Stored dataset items

--------

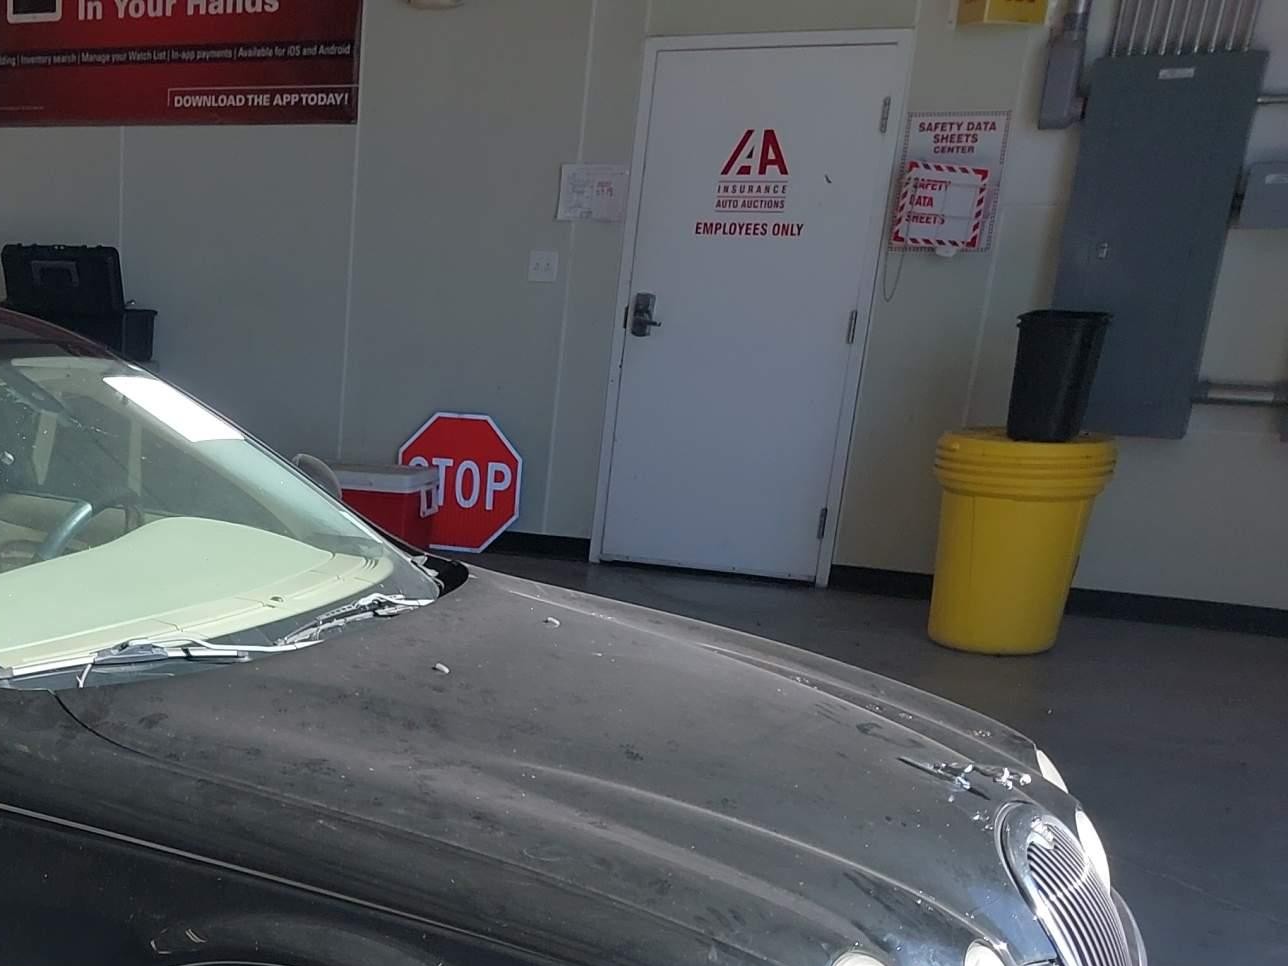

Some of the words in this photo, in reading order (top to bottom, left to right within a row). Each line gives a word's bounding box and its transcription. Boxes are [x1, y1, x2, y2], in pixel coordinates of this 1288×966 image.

[78, 0, 103, 21] In
[113, 0, 177, 19] Your
[81, 52, 110, 64] Manage
[238, 46, 273, 58] Available
[274, 46, 285, 57] for
[302, 44, 317, 56] and
[318, 43, 351, 56] Android
[174, 94, 246, 108] DOWNLOAD
[246, 94, 271, 107] THE
[272, 93, 300, 106] APP
[300, 92, 349, 106] TODAY!
[918, 121, 963, 132] SAFETY
[966, 120, 997, 131] DATA
[933, 132, 979, 145] SHEETS
[933, 145, 975, 154] CENTER
[717, 184, 788, 194] INSURANCE
[715, 199, 739, 209] AUTO
[740, 199, 786, 209] AUCTIONS
[695, 221, 768, 236] EMPLOYEES
[771, 222, 805, 237] ONLY
[408, 456, 512, 511] TOP

--------

Give every record again word for word, pictures excluded.

#### Solution:
Some of the words in this photo, in reading order (top to bottom, left to right within a row). Each line gives a word's bounding box and its transcription. Boxes are [x1, y1, x2, y2], in pixel coordinates of this 1288×966 image.

[78, 0, 103, 21] In
[113, 0, 177, 19] Your
[81, 52, 110, 64] Manage
[238, 46, 273, 58] Available
[274, 46, 285, 57] for
[302, 44, 317, 56] and
[318, 43, 351, 56] Android
[174, 94, 246, 108] DOWNLOAD
[246, 94, 271, 107] THE
[272, 93, 300, 106] APP
[300, 92, 349, 106] TODAY!
[918, 121, 963, 132] SAFETY
[966, 120, 997, 131] DATA
[933, 132, 979, 145] SHEETS
[933, 145, 975, 154] CENTER
[717, 184, 788, 194] INSURANCE
[715, 199, 739, 209] AUTO
[740, 199, 786, 209] AUCTIONS
[695, 221, 768, 236] EMPLOYEES
[771, 222, 805, 237] ONLY
[408, 456, 512, 511] TOP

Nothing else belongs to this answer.